Work order: Quote the lines of the data below verbatim, beginning at the line that contains "Some of the text" and ending at the last line, both included, and excluding pictures.

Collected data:
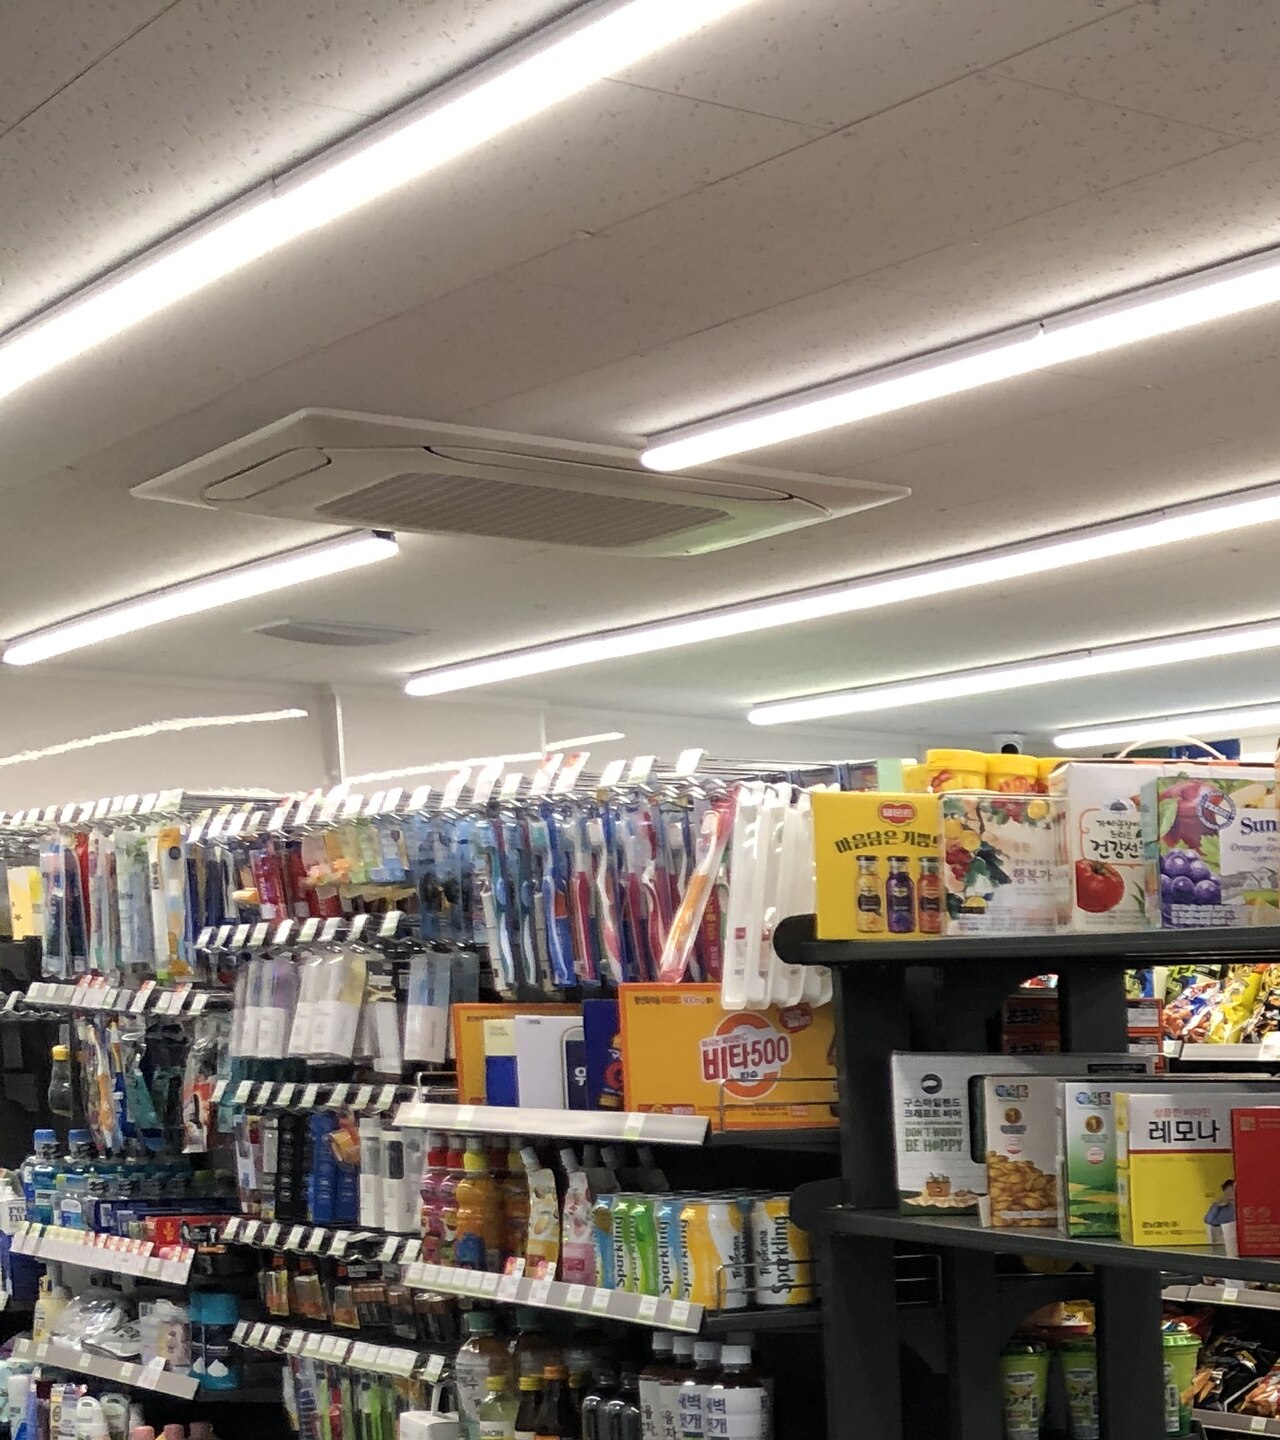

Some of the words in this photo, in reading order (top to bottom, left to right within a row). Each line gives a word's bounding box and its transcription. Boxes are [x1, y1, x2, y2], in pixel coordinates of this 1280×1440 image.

[834, 830, 899, 854] 마음담은
[702, 1035, 789, 1081] 비타500
[905, 1139, 920, 1152] BE
[923, 1138, 963, 1152] HPPY
[1148, 1119, 1220, 1143] 레모나
[616, 1216, 626, 1288] Sparkling
[659, 1220, 673, 1296] Sparkling
[772, 1216, 796, 1295] Sparkling
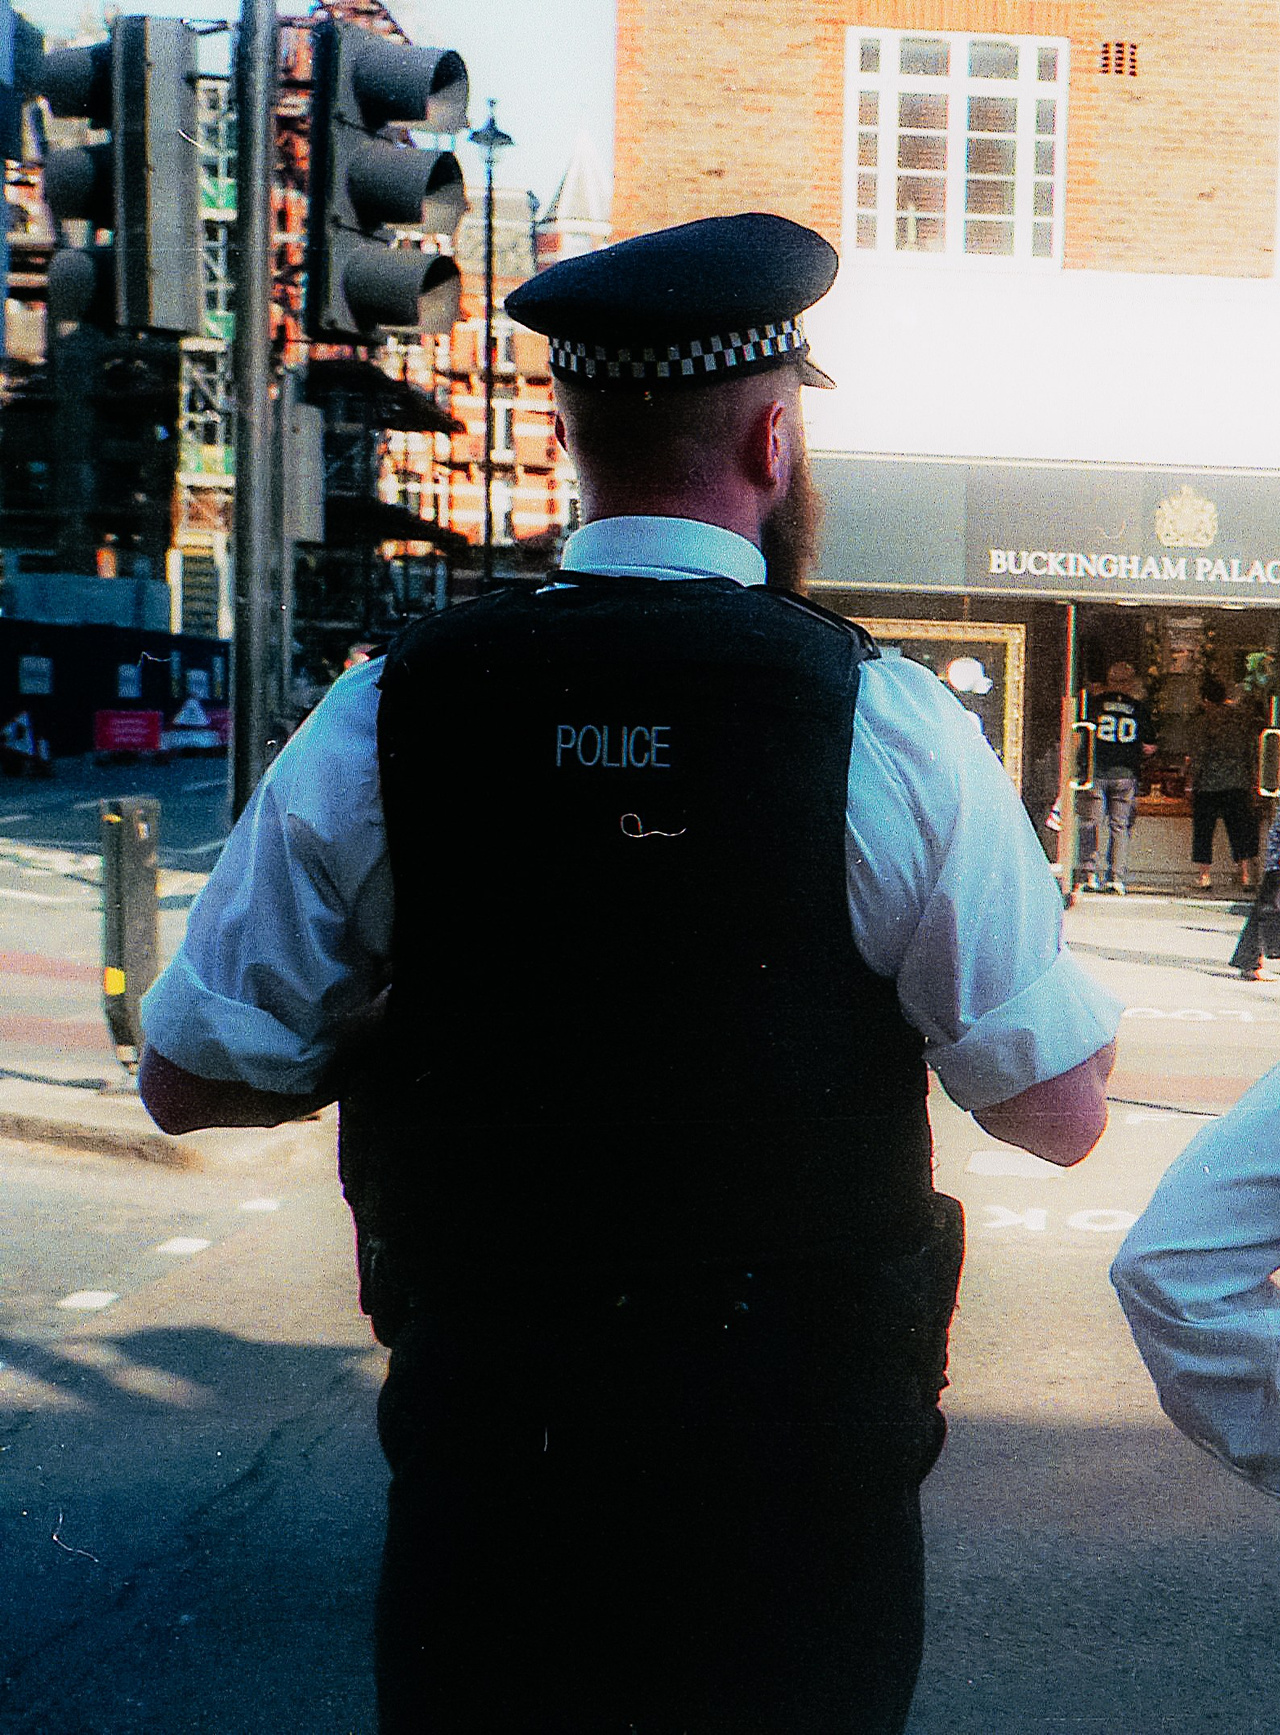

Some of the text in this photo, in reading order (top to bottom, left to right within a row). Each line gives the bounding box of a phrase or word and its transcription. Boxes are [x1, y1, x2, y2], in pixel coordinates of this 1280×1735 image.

[989, 548, 1187, 581] BUCKINGHAM
[1097, 714, 1137, 743] 20
[556, 724, 672, 768] POLICE
[1121, 1006, 1255, 1022] LOO
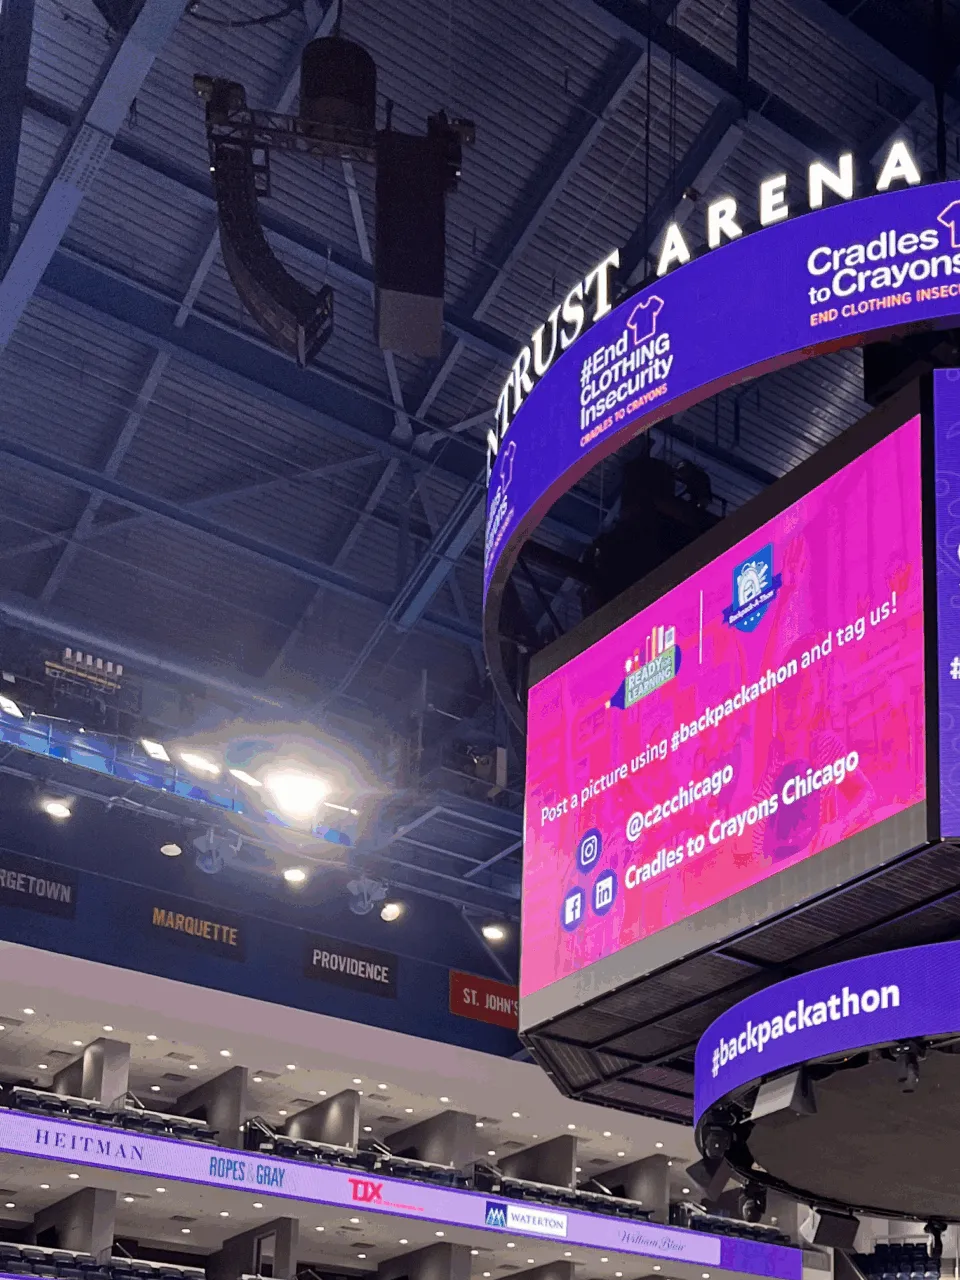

Response:
Some of the text in this photo, in reading order (top to bottom, left to right within a row). Each line gives the bounding box of a phrase or word and its transcription. Boxes are [x1, y1, x2, y2], in pixel coordinates of this 1280×1735 image.

[989, 548, 1187, 581] BUCKINGHAM
[1097, 714, 1137, 743] 20
[556, 724, 672, 768] POLICE
[1121, 1006, 1255, 1022] LOO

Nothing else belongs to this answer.